How does a child become spoiled?
Being a parent is one of the most challenging jobs you can have. When a child is spoiled, they may be very dependent, irresponsible, defiant, and disrespectful.
Being a parent is one of the most challenging jobs you can have. Every parent wants to show their kids love and provide the best life has to offer, but over-indulgent parenting may spoil your children, which has long-lasting negative effects.
Parenting with the best intentions for your child may not always turn out as you hope. If you find yourself frequently falling back on these approaches to parenting, you might notice your children becoming more spoiled.
It’s natural to want your children to be happy, but giving them everything they ask for can cause long-term problems. Pampering your child leaves an impression of entitlement. If they come to expect that you will give in to their every request, they may never learn to be grateful for what you and other people do for them.
Overprotective parents often spoil their children. Children who grow up under a lot of restrictions may develop an unhealthy attitude towards people in authority and rules, and can end up acting out more than their peers.
Constantly bailing out your child
By solving all of a child's problems, parents can keep them from learning how to deal with the consequences of their actions. Without this skill, your children may not learn how to take responsibility and plan their actions appropriately.
Failing to follow up on punishments
Conversely, when you set expectations for consequences and punishments, it’s essential to stick to them. Empty threats of punishment can prevent kids from fully feeling remorse and taking responsibility for their actions.
Are your children spoiled?
Every child is bound to act up once in a while, but how does it differ from being spoiled? There are a few warning signs that will help you in determining if you have a spoiled child.
Refusing to accept a “no”
Spoiled children can’t handle being told “no.” If your child throws a tantrum or has a meltdown when you tell them they can’t do something, this could mean that your child is spoiled.
Keep in mind that there are plenty of other reasons for children to have temper tantrums as well, including mental illness or difficulty communicating their feelings. If you’re concerned that your child’s tantrums are due to being spoiled, be on the lookout for other warning signs.
Dissatisfaction with what they have
Spoiled children are rarely satisfied with what they have and what they’ve been given. Despite already having plenty of clothes and toys, spoiled children will often continue asking for more. If that dissatisfaction gets coupled with a lack of gratitude, there is a strong chance that the child is becoming spoiled.
Desire for special treatment
Spoiled children often think more of themselves than of other people. They may expect people to offer them favors or special treatment. You may notice a spoiled child blaming others for their failures while expecting praise for everything they do.
What are the long-term effects of spoiling your children?
Spoiling your child may have long-term harmful effects. Since spoiled children may fail to learn to solve their problems growing up, they often lack the life skills needed to handle adulthood.

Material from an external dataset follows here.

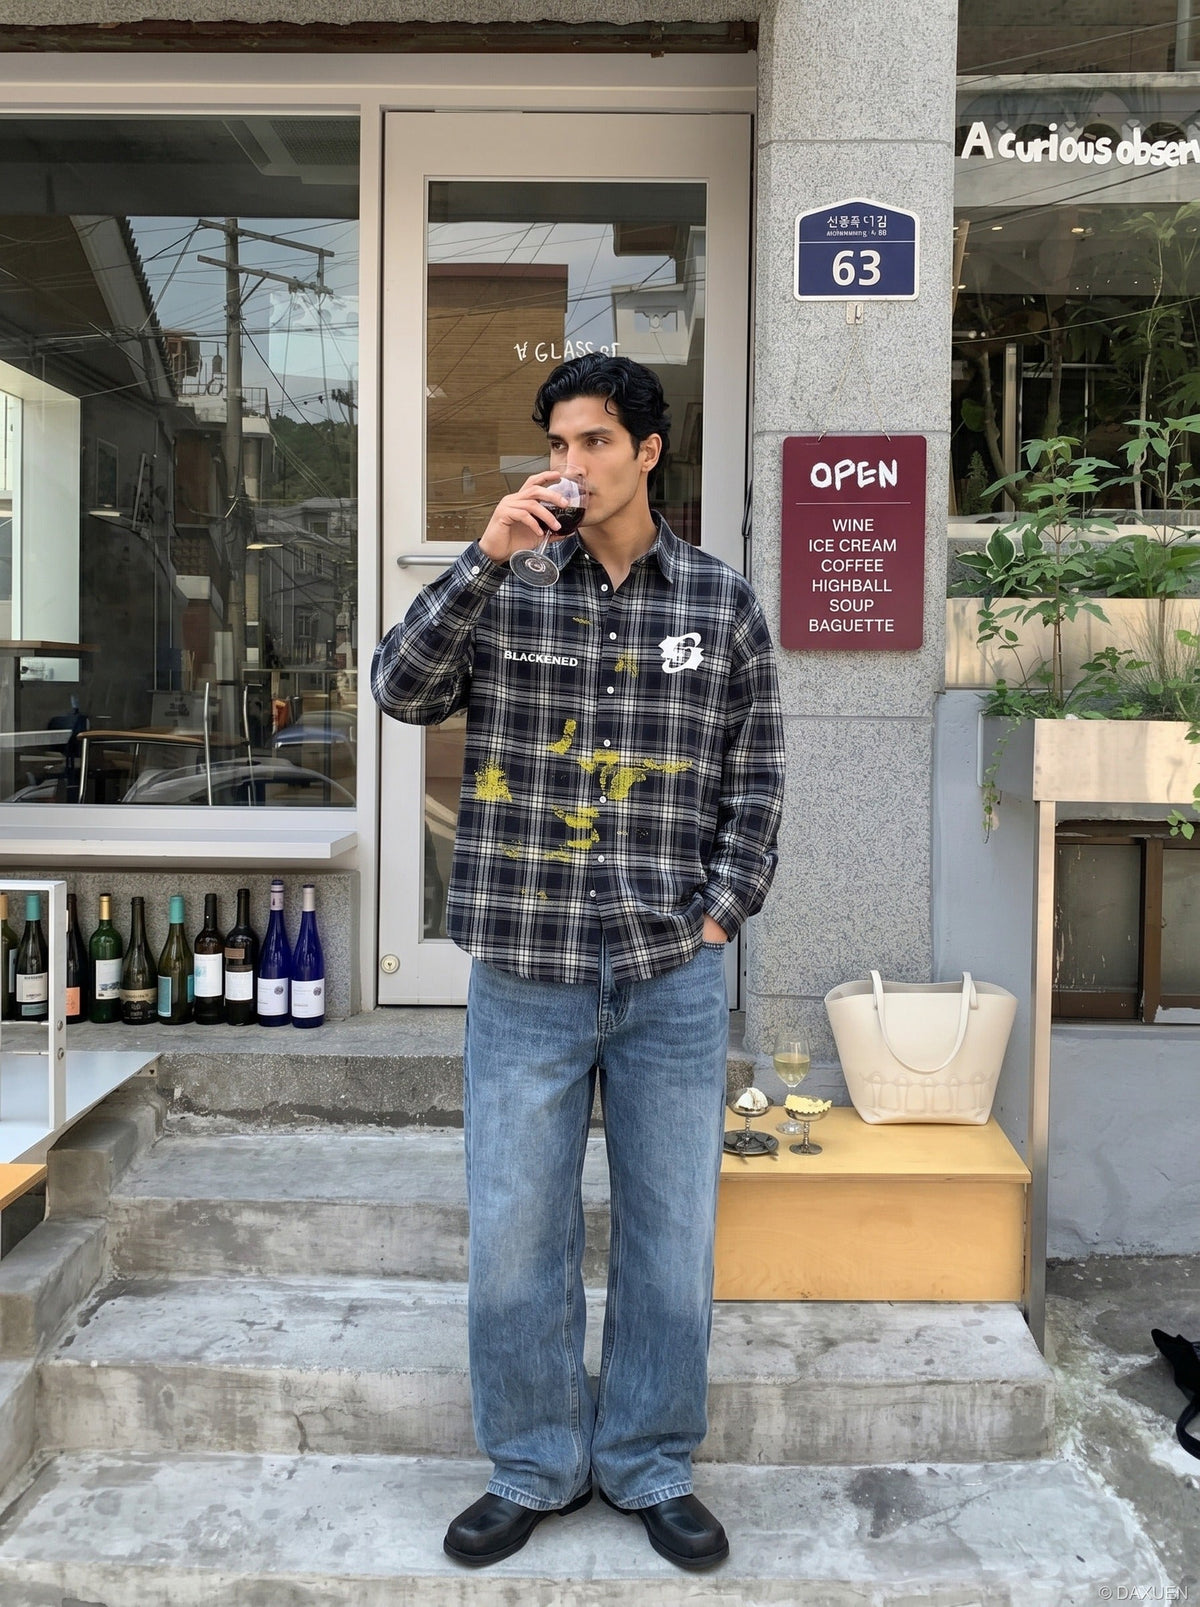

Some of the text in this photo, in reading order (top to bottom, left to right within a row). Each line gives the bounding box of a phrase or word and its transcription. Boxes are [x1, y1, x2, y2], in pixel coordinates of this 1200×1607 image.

Spoiled children may become excessively needy, and this dependency may present differently in their adulthood. Adults spoiled as children may find they are unhappy when alone and derive their happiness from others instead of themselves. This can make it difficult for them to build healthy relationships.

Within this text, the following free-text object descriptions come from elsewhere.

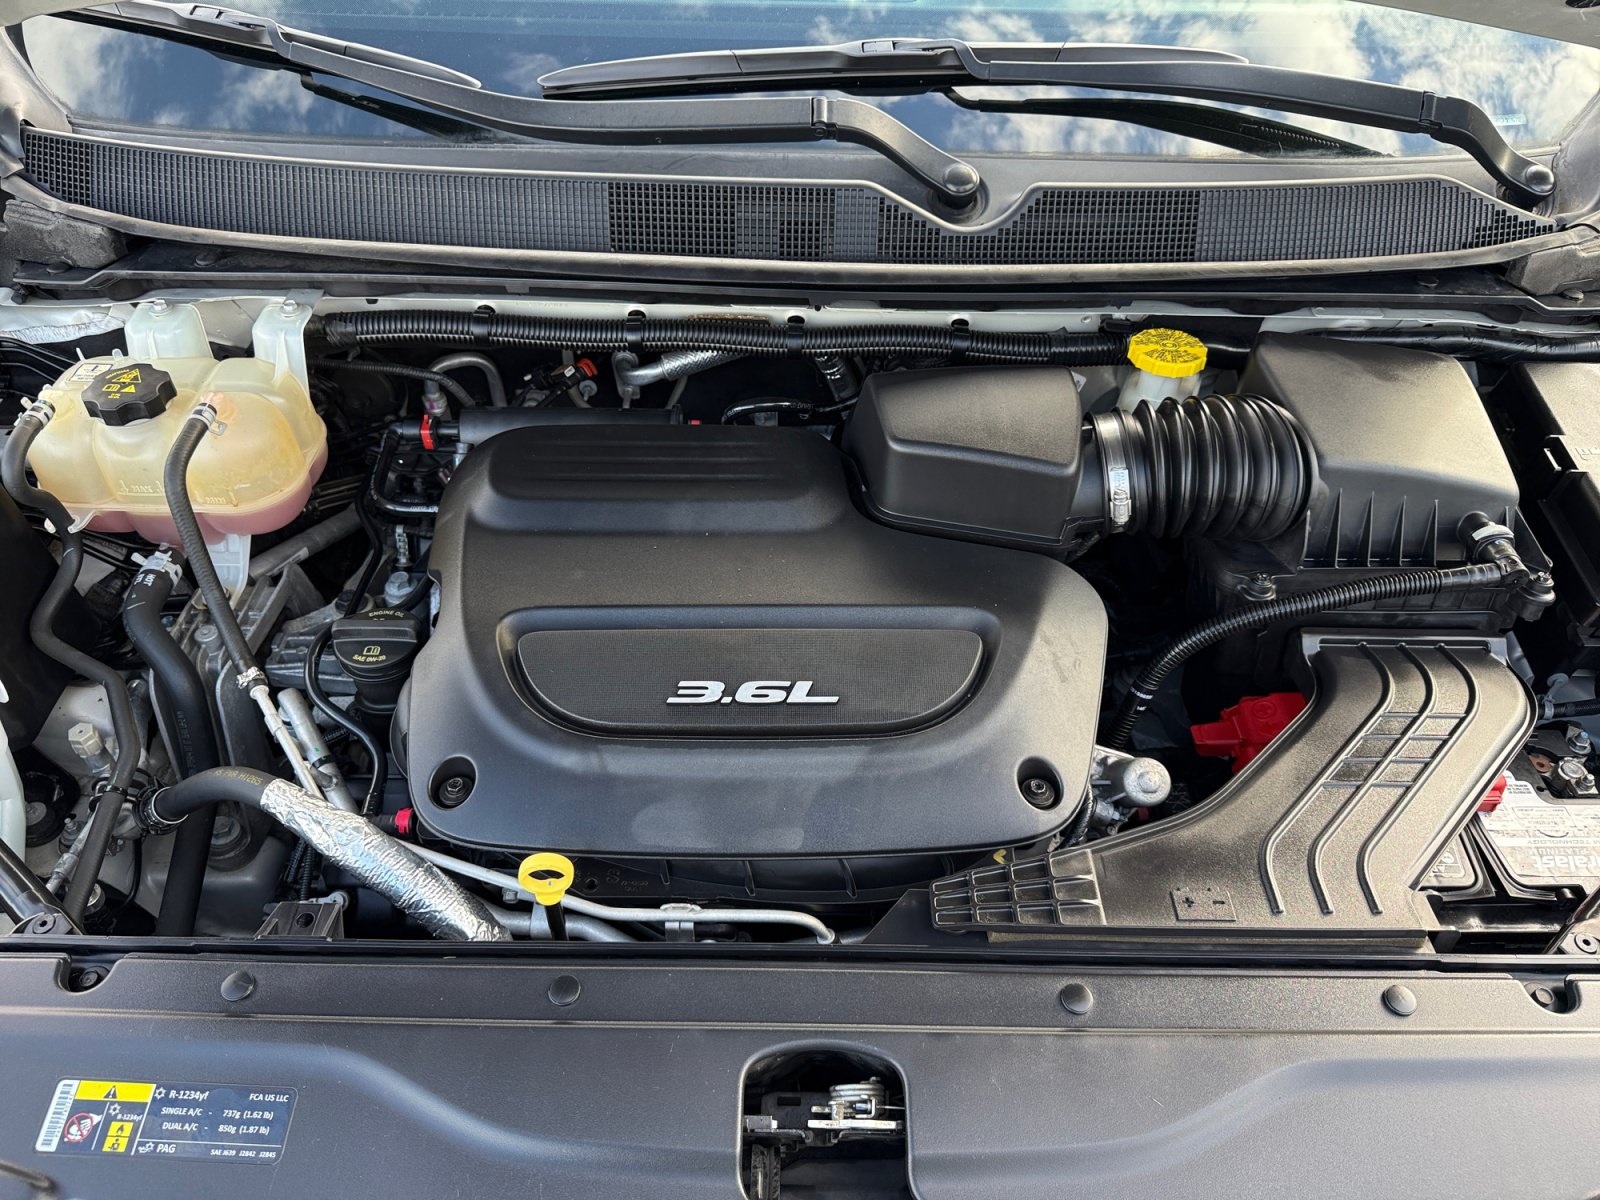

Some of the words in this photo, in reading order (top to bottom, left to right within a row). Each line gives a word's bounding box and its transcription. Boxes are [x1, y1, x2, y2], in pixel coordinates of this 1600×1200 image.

[352, 654, 367, 662] SAE
[666, 681, 840, 704] 3.6L
[168, 1090, 210, 1101] R-1234yf
[249, 1093, 263, 1101] FCA
[264, 1093, 276, 1101] US
[276, 1094, 290, 1102] LLC
[160, 1106, 187, 1116] SINGLE
[187, 1108, 203, 1117] A/C
[222, 1109, 242, 1120] 737g
[243, 1109, 263, 1120] (1.62
[262, 1110, 274, 1120] lb)
[161, 1121, 182, 1130] DUAL
[183, 1122, 199, 1132] A/C
[218, 1124, 237, 1134] 850g
[239, 1124, 259, 1135] (1.87
[258, 1125, 270, 1136] lb)
[156, 1143, 176, 1153] PAG
[210, 1148, 222, 1156] SAE

Spoiled children sometimes fail to learn responsible behavior. These children may end up developing social problems like overspending, gambling, overeating, and drug abuse in their adulthood. Such adults may lack emotional maturity and struggle to manage essential responsibilities like work, finances, and family.

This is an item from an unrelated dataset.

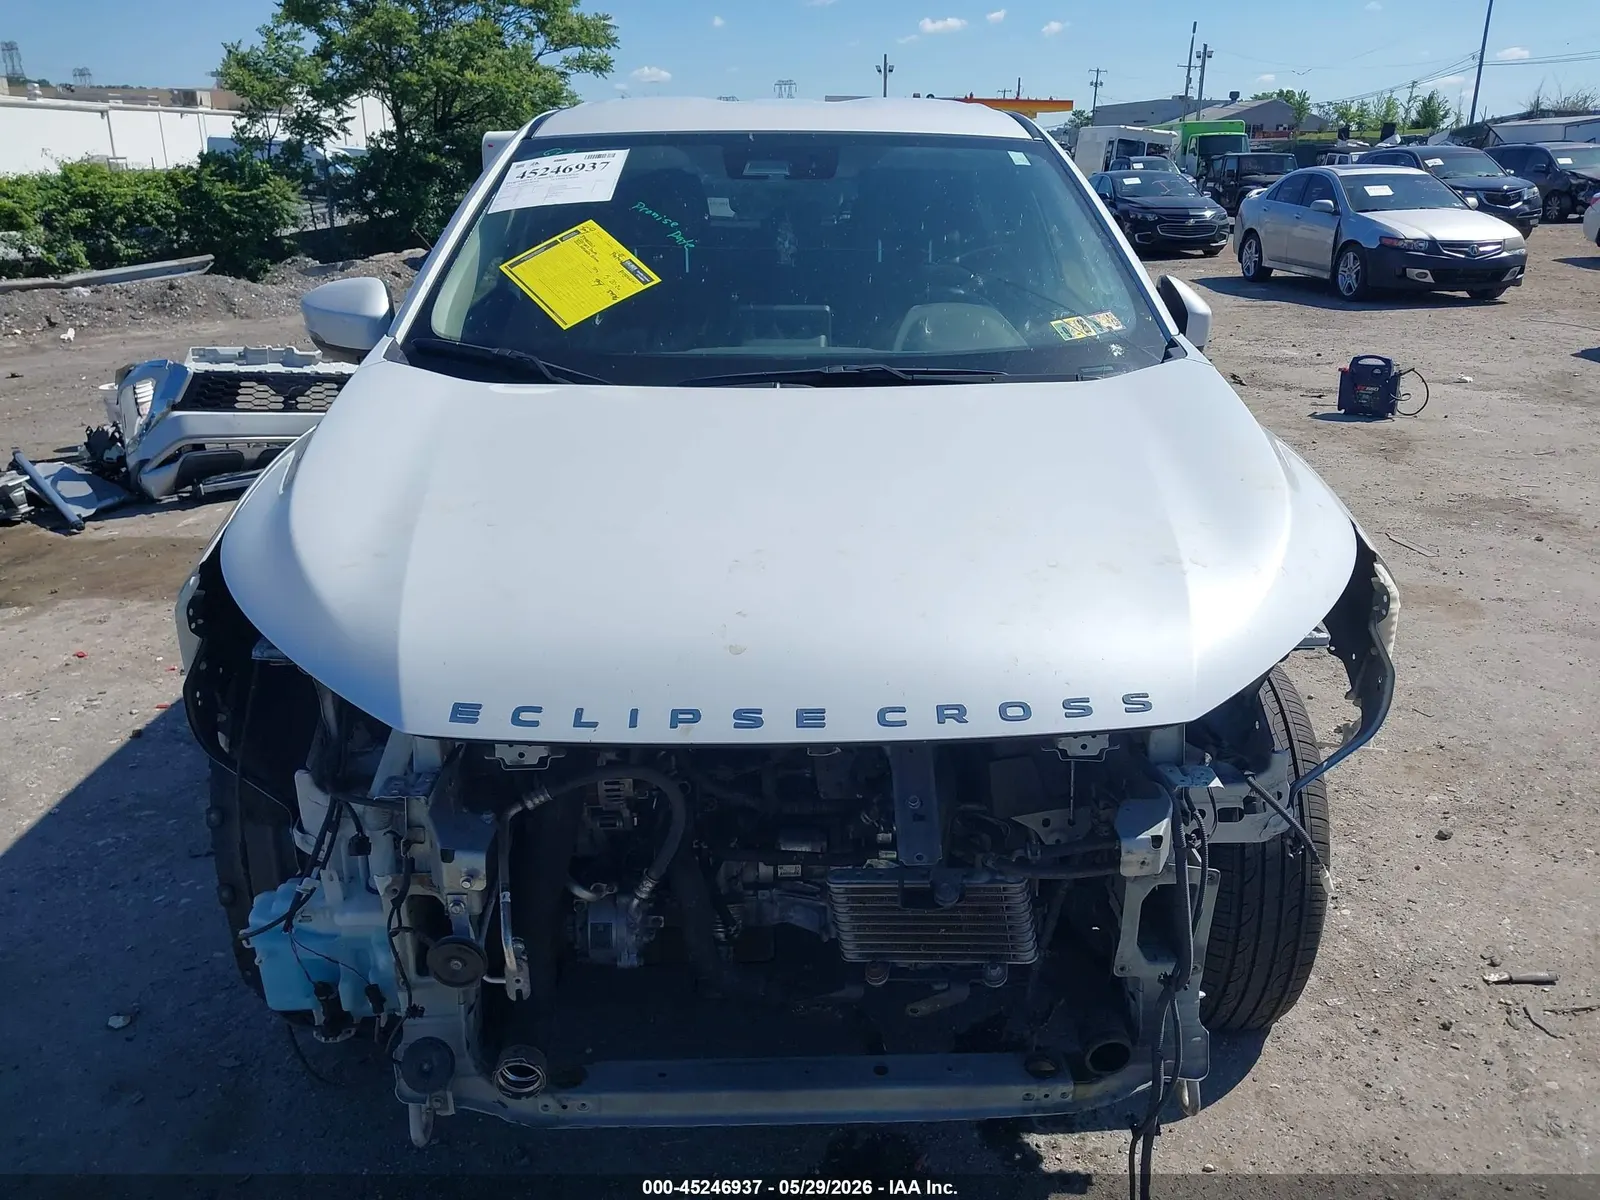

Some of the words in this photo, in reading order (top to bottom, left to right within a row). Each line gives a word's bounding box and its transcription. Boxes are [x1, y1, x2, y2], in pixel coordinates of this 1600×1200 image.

[515, 161, 611, 181] 45246937
[448, 701, 827, 730] ECLIPSE
[876, 692, 1153, 728] CROSS

Increased defiance and disrespect
Spoiled children who like to whine, beg, ignore, or manipulate others to get their way may display defiance and disrespect in adulthood. When rebellion is part of a child’s natural response, more negative behaviors are likely to develop in adulthood.
How do you handle spoiled children?
If you notice your child is spoiled, you need to resolve the issue early enough to avoid long-term consequences. As a parent, you can start by being kind and respectful, but responsible and firm when the situation calls for it. Set and enforce house rules, but don’t make so many restrictions that your child sees no option but to act out.
Remember that spending quality time together will always be more effective in building bonds and rewarding good behavior than materialistic items. Remain calm whenever your child throws tantrums, and don’t easily give in to your child’s demands. Learning to say “no” is part of effective parenting.
If you’re worried that your child is spoiled, there’s still time to help them develop healthier attitudes. Try addressing some of the above behaviors and seek support from professionals to start building better habits at home.